Saat aku kembali, di samping Vino sudah ada gadis seumuran yang cantik manis. Rambutnya panjang dengan bagian dahi yang membelah ke kanan kiri. Alisnya tipis, matanya sedikit sendu, hidung mancung dan dagu lancip.
Ia memakai pakaian kemeja kotak-kotak warna merah dan celana jeans hitam ketat. Di pinggangnya terdapat jaket hitam pula yang dililitkan.
Namun, bukan itu yang menarik perhatianku.
"Loh, Widya?"
Gadis itu menoleh dan tampak terkejut pula. "Loh, Nolan? Lo di sini juga?"
Iya, dia adalah sosok yang sudah kukenal. Namanya Widya Putriani dengan nama panggilan Widya. Kami pernah satu kelas ketika kami SMA, lalu saat kelas dua dia pindah sekolah karena orang tuanya pindah ke kota lain. Sebelum itu pun, kami pernah enam tahun bersama saat masih di bangku Sekolah Dasar.
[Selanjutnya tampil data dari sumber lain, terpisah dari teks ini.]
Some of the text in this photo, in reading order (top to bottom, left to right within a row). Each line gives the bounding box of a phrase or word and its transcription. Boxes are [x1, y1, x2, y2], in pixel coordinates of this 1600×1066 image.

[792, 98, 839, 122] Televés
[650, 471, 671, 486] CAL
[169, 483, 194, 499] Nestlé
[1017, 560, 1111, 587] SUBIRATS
Tak kusangka sekarang kami bertemu di sini!
Vino memandang kami bergantian. "Kalian udah saling kenal?"
Widya yang menjawab. "Kami sekelas waktu SMA." Kembali dia memandangku dan tersenyum lebar. "Nggak nyangka, lho, bisa ketemu elo di sini."
"Hahaha." Kugaruk belakang kepala dengan kikuk. "Jadi orang tuamu itu pindah ke sini?"
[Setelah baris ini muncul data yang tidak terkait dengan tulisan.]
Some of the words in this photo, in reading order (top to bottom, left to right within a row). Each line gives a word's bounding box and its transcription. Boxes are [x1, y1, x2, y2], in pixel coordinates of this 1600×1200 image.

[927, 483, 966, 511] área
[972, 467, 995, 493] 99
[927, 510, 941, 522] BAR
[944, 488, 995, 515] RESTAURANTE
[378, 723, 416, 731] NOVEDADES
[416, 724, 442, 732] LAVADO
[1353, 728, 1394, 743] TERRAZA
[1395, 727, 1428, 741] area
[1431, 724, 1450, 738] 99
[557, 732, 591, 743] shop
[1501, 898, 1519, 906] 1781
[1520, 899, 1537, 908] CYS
Widya mengangguk. "Iya, makanya aku pindah."
Sepertinya Vino masih belum bisa mengikuti alur pembicaraan kami. "Yaudah, duduk sini, Wid." Vino mengambil kursi dari meja lain, lalu meletakkan kursi itu di sebelahnya.
Ketika Widya sudah duduk, kembali Vino berkata. "Dia pacar gue, bro." Senyum Vino tampak bangga. "Walau lo udah kenal dia sejak SMA, awas kalau macem-macem."
Widya tertawa, aku membalasnya dengan tertawa pula. Vino pun terkekeh. Dia hanya bercanda.
"Nggaklah, Vin, gue juga bisa cari cewek," kataku sedikit membusungkan dada.
Dalam pikiranku, terbayang wajah Bu Alvi dan tubuh telanjangnya. Oh sial!
"Heh, mana cewek lo?" tuntut Vino.
Aku menghentikan pose membusungkan dada tadi. "Sekarang, sih belum ada."
"Aelah."
Kami kembali tertawa.
Dari obrolan setelah itu, kuketahui bahwa Widya ambil fakultas teknik, lebih tepatnya teknik mesin! Jurusan yang tak dapat kumasuki. Aku agak terkejut mendengar itu. Namun, keterkejutanku agak reda kalau teringat diri Widya yang agak tomboi.
"Memangnya kenapa kalau teknik?" katanya setengah cemberut. "Nggak boleh, ya, cewek masuk teknik?"
Aku membalasnya dengan kekehan ringan.
"Bentar, ya, gue mau ke toilet." Vino tiba-tiba berdiri. "Lo temenin cewek gue ngobrol dulu."
"Lah." Seringaiku timbul. "Kalau gue macem-macem gimana?"
"Abis lo!" Vino melotot. Kemudian, ia menatap Widya. "Lo juga bakal ngelawan, kan?"
"Lah, di tempat rame gini mau macem-macem gimana?" balas Widya.
"Seandainya di tempat sepi?"
"Lihat sikon, lah."
"Anjing!" Vino menjambak sedikit rambut Widya.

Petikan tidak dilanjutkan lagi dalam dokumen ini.